### WORK INSTRUCTIONS
Each record is to be copied exactly, with its pictures left behind.

### PROVIDED RECORDS
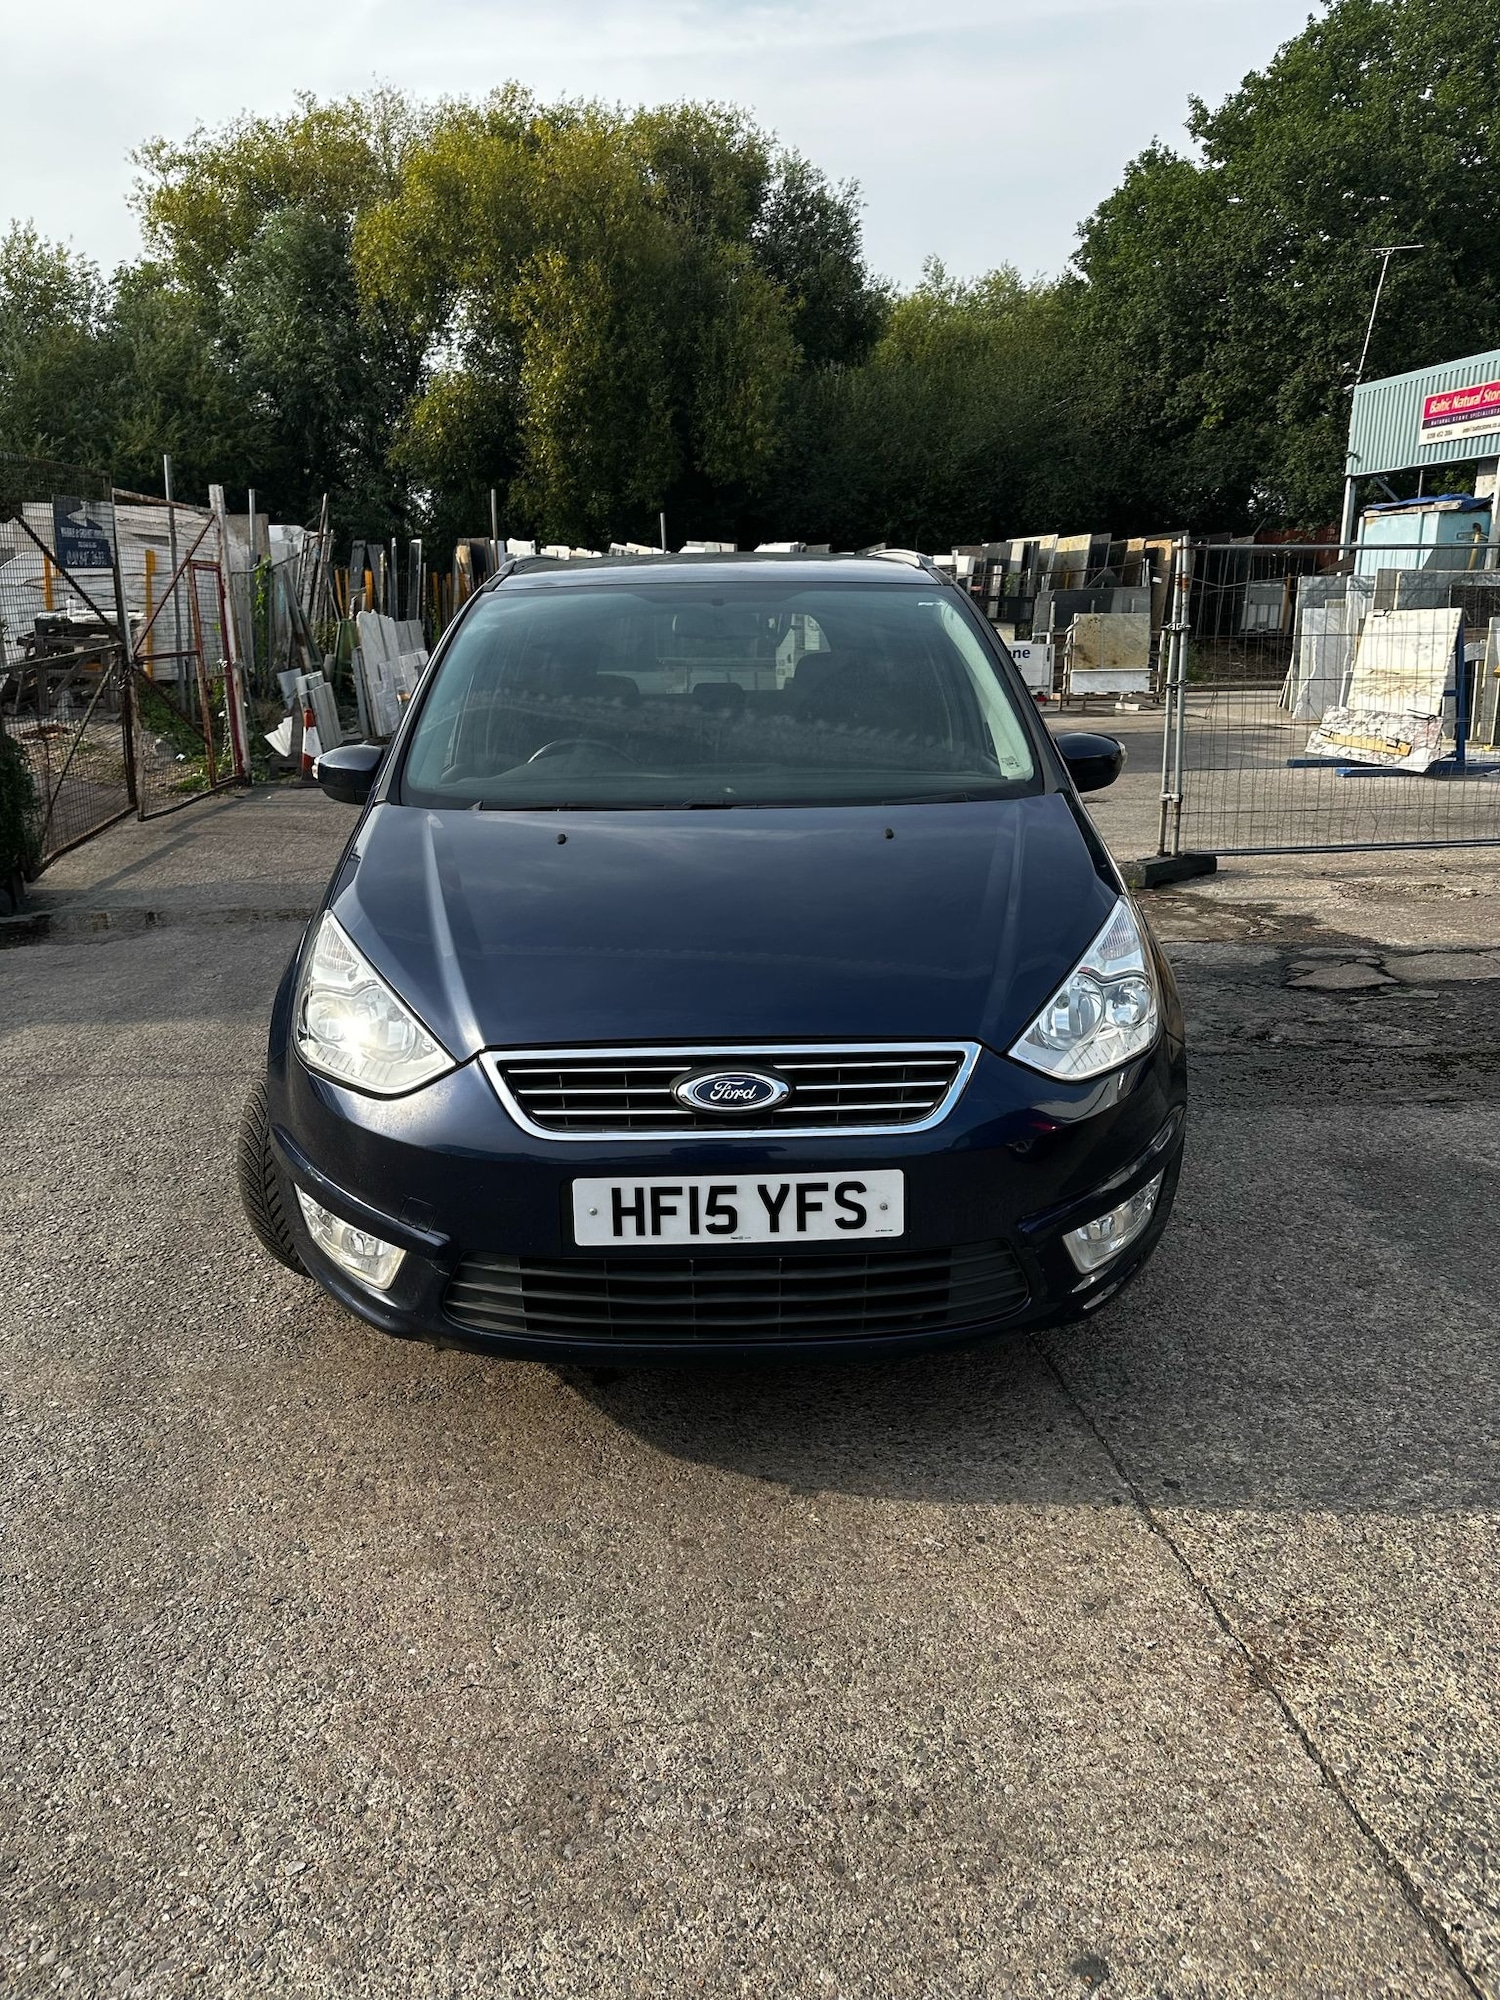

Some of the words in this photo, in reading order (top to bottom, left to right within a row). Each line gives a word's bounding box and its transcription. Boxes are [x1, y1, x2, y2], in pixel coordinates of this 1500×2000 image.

[1429, 398, 1452, 415] Baltic
[1452, 385, 1485, 409] Natural
[1430, 418, 1451, 426] NATURAL
[1452, 414, 1468, 423] STONE
[1010, 648, 1031, 659] ne
[709, 1080, 757, 1101] Ford
[611, 1185, 738, 1237] HF15
[757, 1181, 867, 1233] YFS

### RESPONSE BOX
Some of the words in this photo, in reading order (top to bottom, left to right within a row). Each line gives a word's bounding box and its transcription. Boxes are [x1, y1, x2, y2], in pixel coordinates of this 1500×2000 image.

[1429, 398, 1452, 415] Baltic
[1452, 385, 1485, 409] Natural
[1430, 418, 1451, 426] NATURAL
[1452, 414, 1468, 423] STONE
[1010, 648, 1031, 659] ne
[709, 1080, 757, 1101] Ford
[611, 1185, 738, 1237] HF15
[757, 1181, 867, 1233] YFS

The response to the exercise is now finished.